- [Required work]
Give the records again exactly as written. Leave out the pictures.

>>>

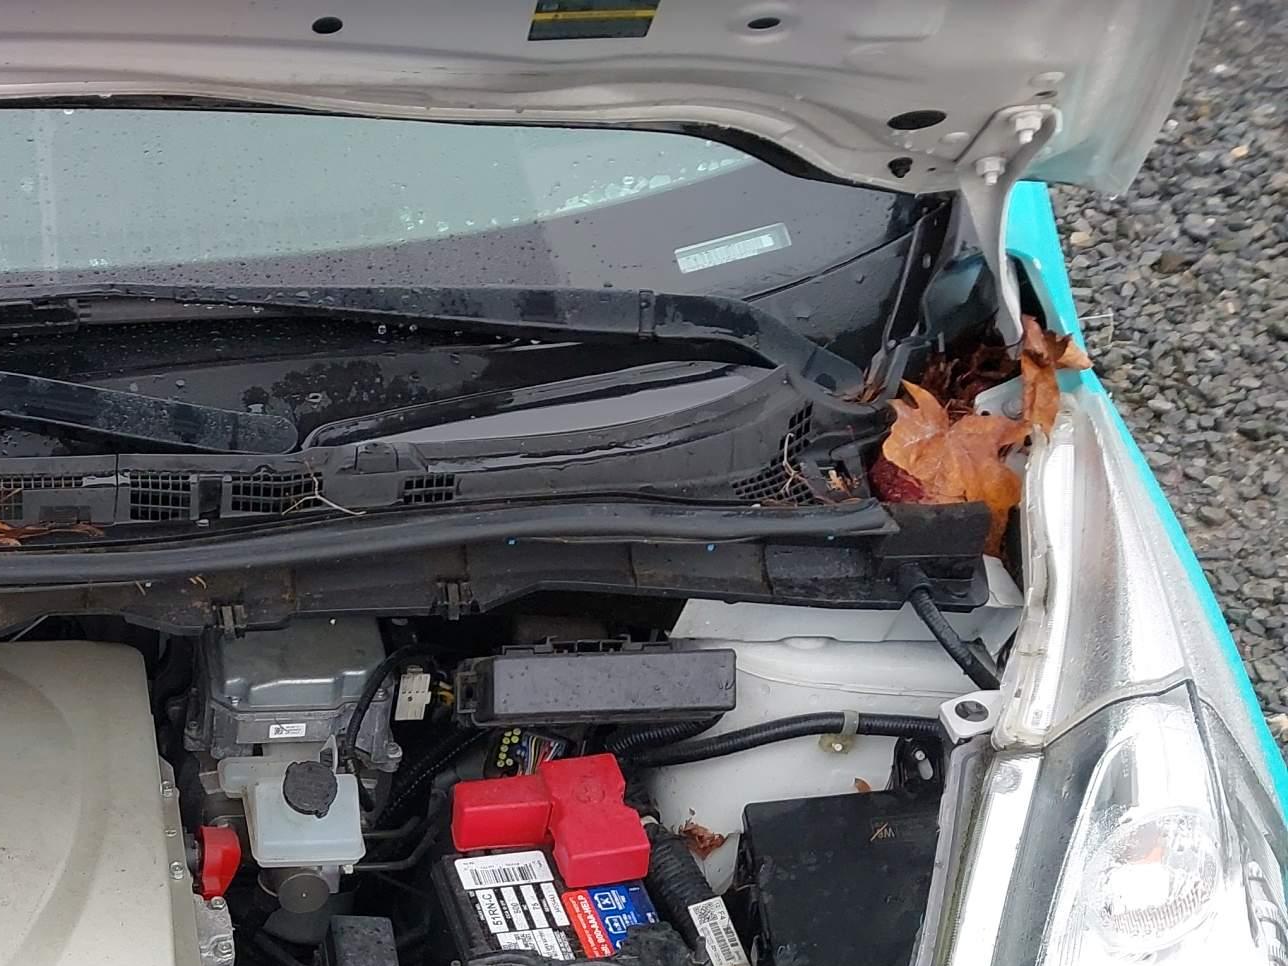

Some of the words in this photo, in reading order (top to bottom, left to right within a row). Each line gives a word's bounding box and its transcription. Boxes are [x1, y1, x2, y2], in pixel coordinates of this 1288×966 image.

[481, 892, 502, 926] 51RN-C
[511, 901, 521, 914] 500
[577, 894, 605, 943] 800-AAA-HELP
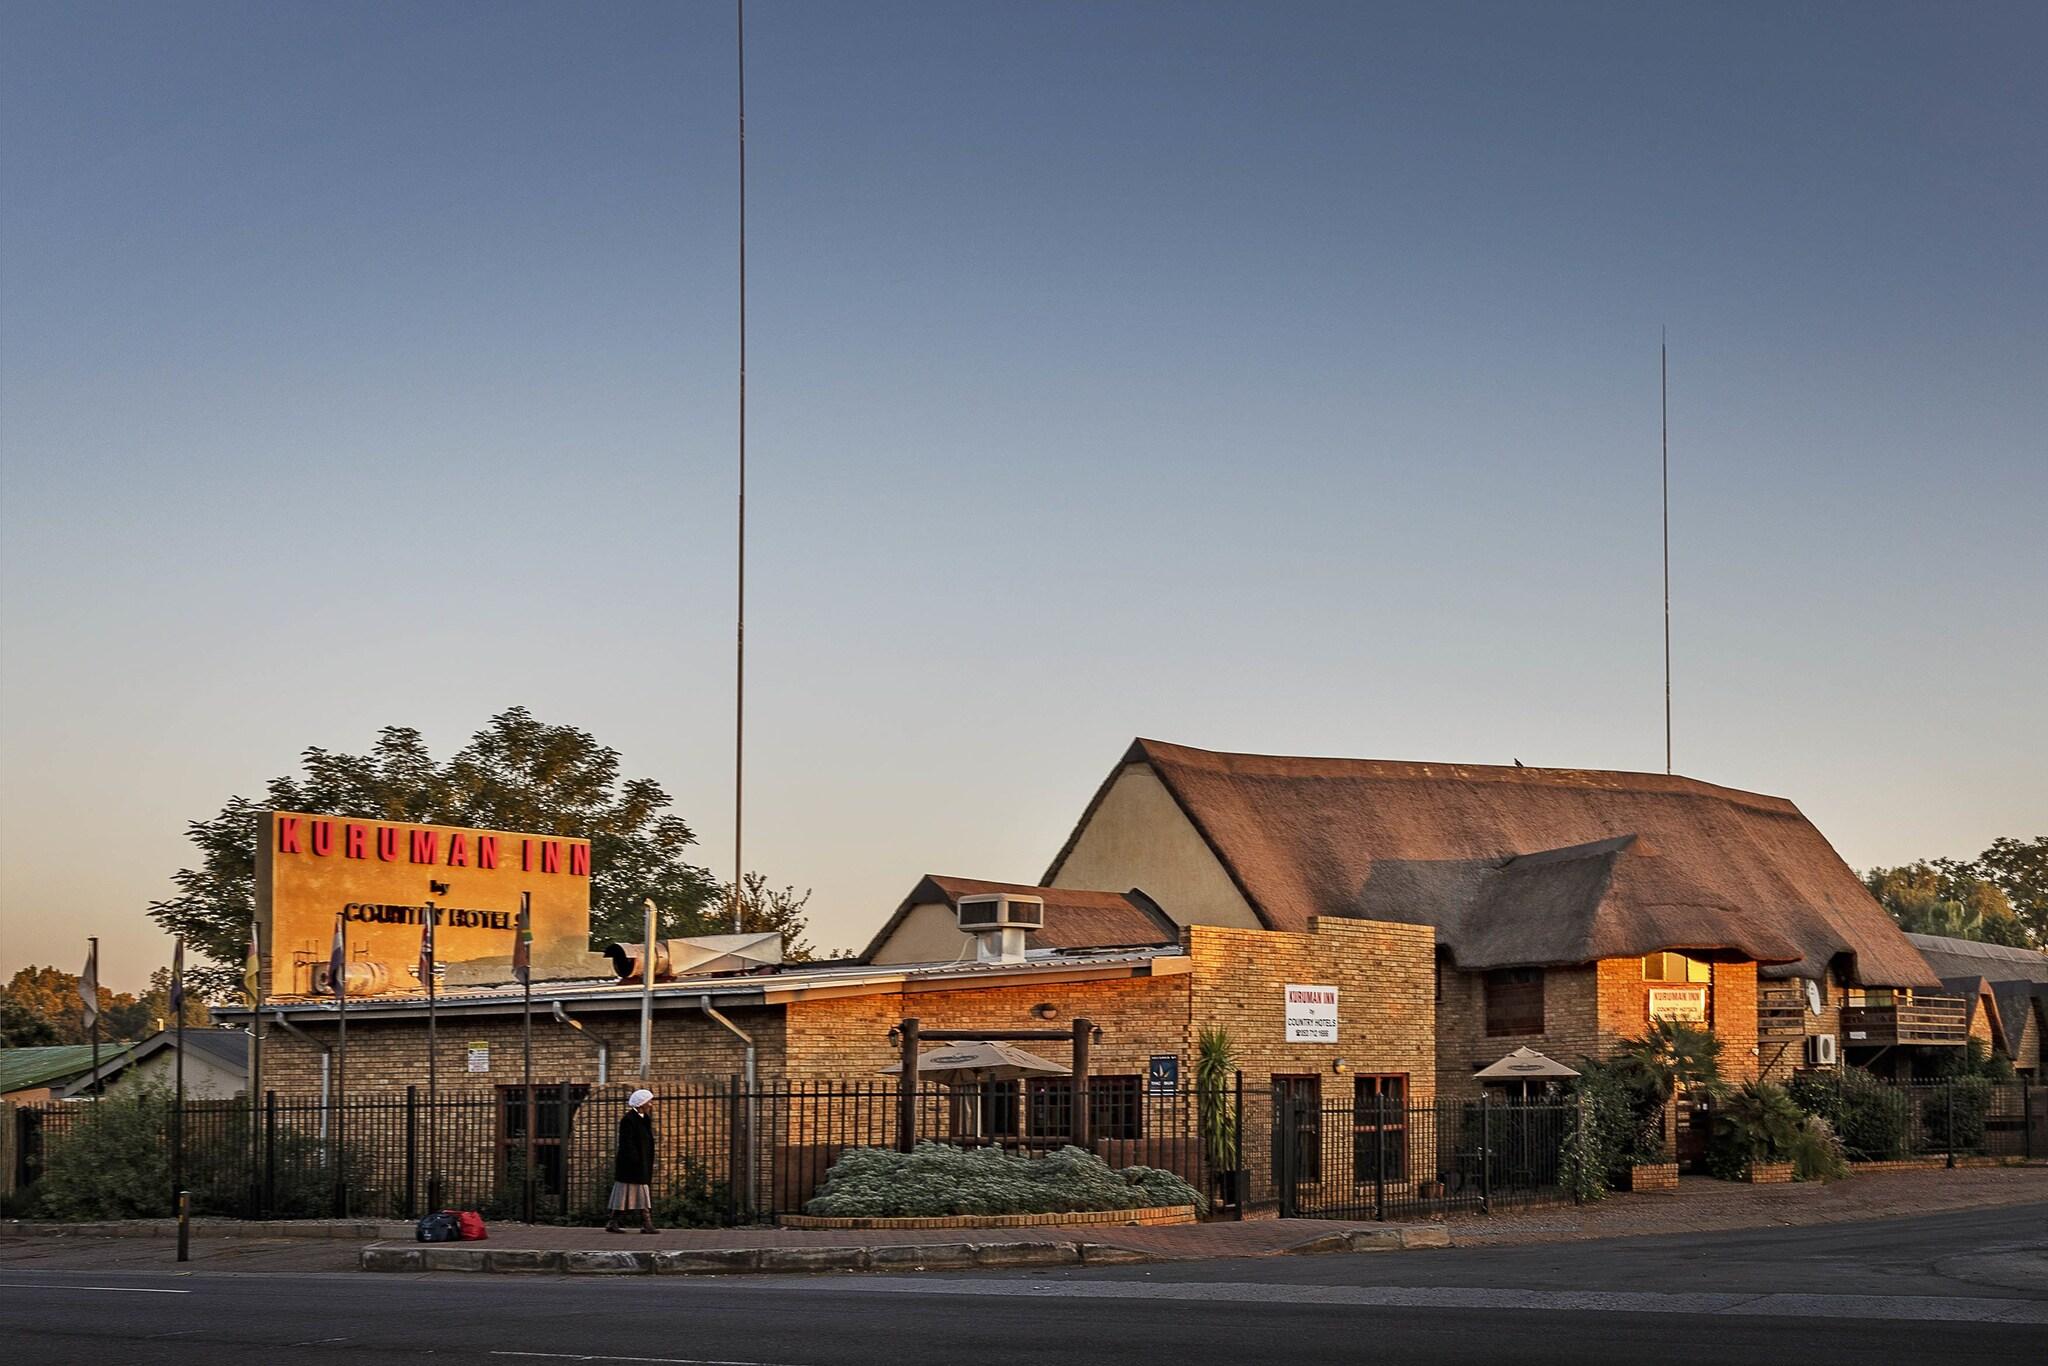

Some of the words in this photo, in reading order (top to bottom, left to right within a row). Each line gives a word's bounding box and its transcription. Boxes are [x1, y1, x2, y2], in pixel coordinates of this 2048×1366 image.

[279, 818, 498, 868] KURUMAN
[522, 838, 591, 876] INN
[430, 880, 450, 896] by
[1289, 991, 1321, 1003] KURUMAN
[1323, 992, 1335, 1004] INN
[1288, 1018, 1314, 1027] COUNTRY
[1315, 1018, 1336, 1027] HOTELS
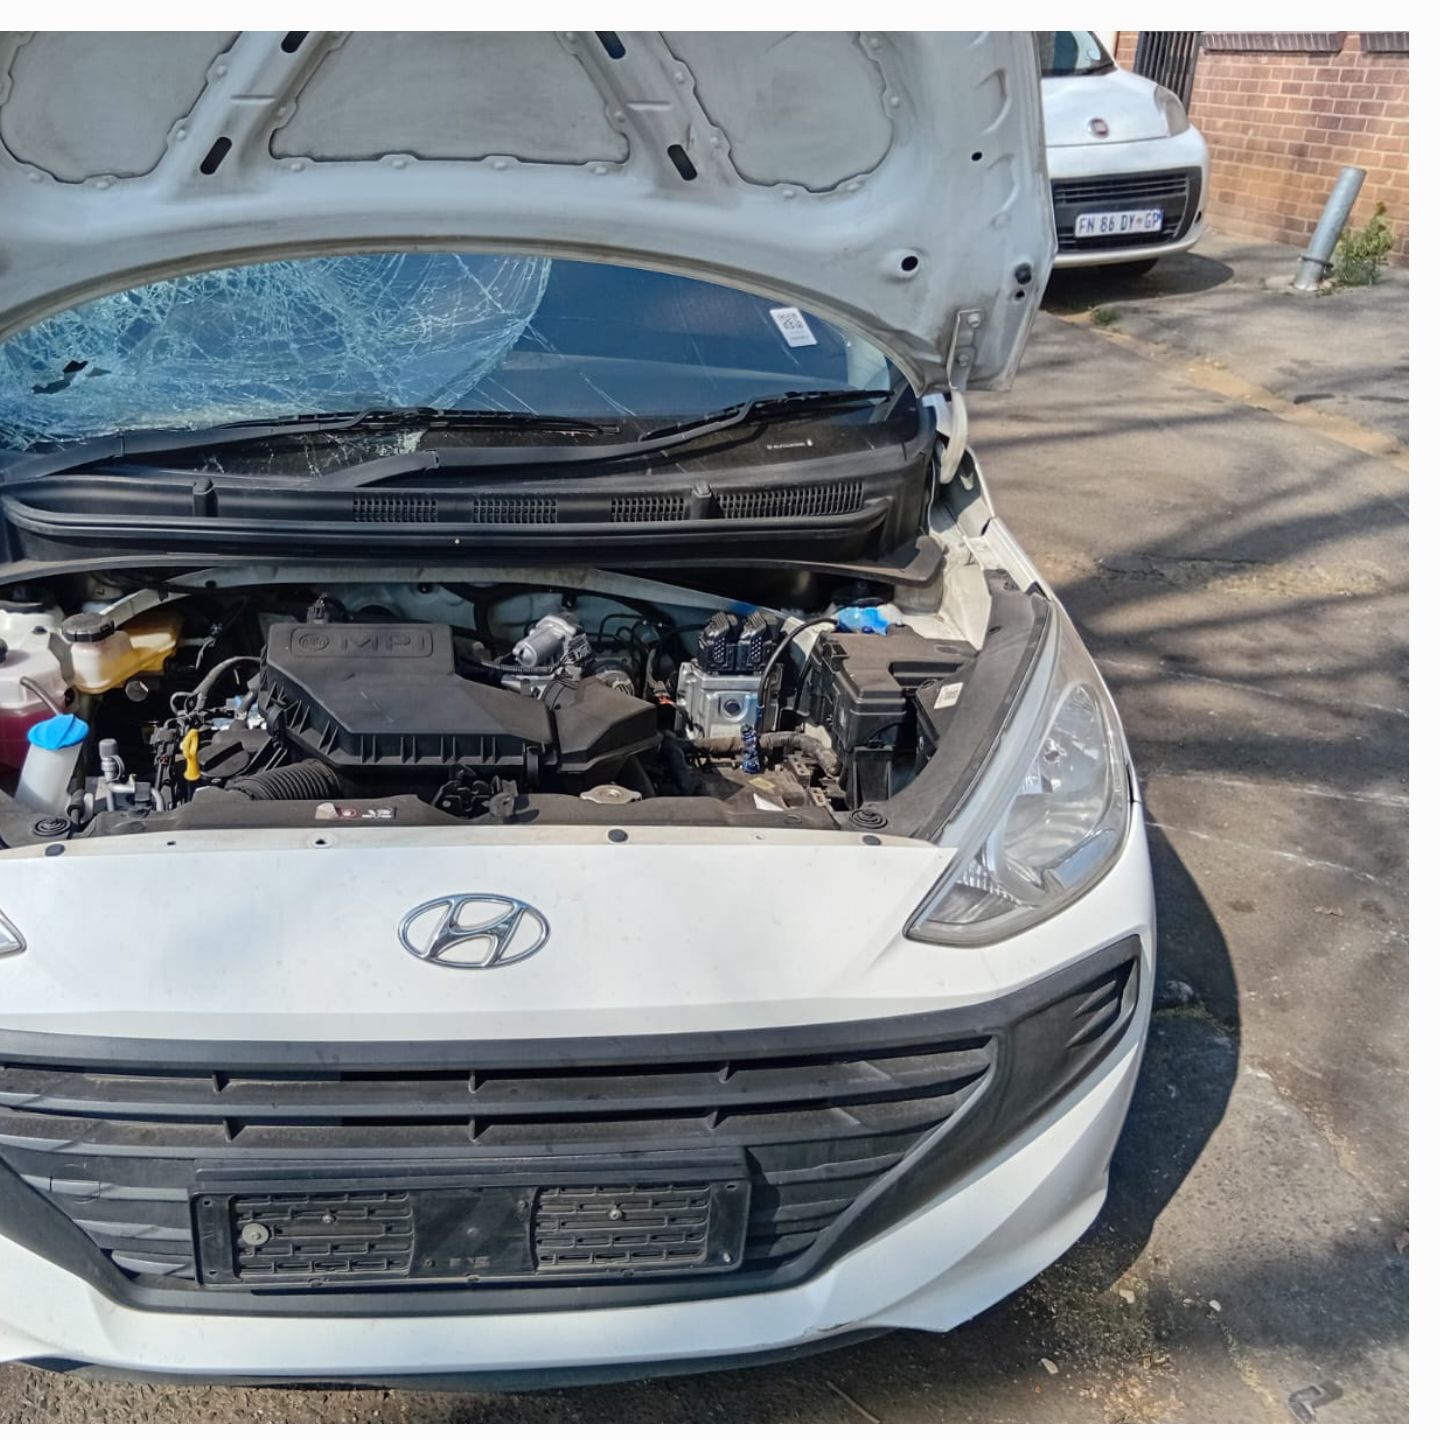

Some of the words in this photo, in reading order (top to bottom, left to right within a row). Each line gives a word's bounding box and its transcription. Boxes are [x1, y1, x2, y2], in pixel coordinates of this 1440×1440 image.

<<<

- [Answer section]
Some of the words in this photo, in reading order (top to bottom, left to right within a row). Each line gives a word's bounding box and its transcription. Boxes are [x1, y1, x2, y2], in pixel coordinates of this 1288×966 image.

[481, 892, 502, 926] 51RN-C
[511, 901, 521, 914] 500
[577, 894, 605, 943] 800-AAA-HELP

Some of the words in this photo, in reading order (top to bottom, left to right within a row). Each line gives a word's bounding box and its transcription. Boxes are [x1, y1, x2, y2], in pixel coordinates of this 2048×1366 image.

[279, 818, 498, 868] KURUMAN
[522, 838, 591, 876] INN
[430, 880, 450, 896] by
[1289, 991, 1321, 1003] KURUMAN
[1323, 992, 1335, 1004] INN
[1288, 1018, 1314, 1027] COUNTRY
[1315, 1018, 1336, 1027] HOTELS

Some of the words in this photo, in reading order (top to bottom, left to right within a row). Each line gives a word's bounding box and its transcription. Boxes are [x1, y1, x2, y2], in pixel coordinates of this 1440×1440 image.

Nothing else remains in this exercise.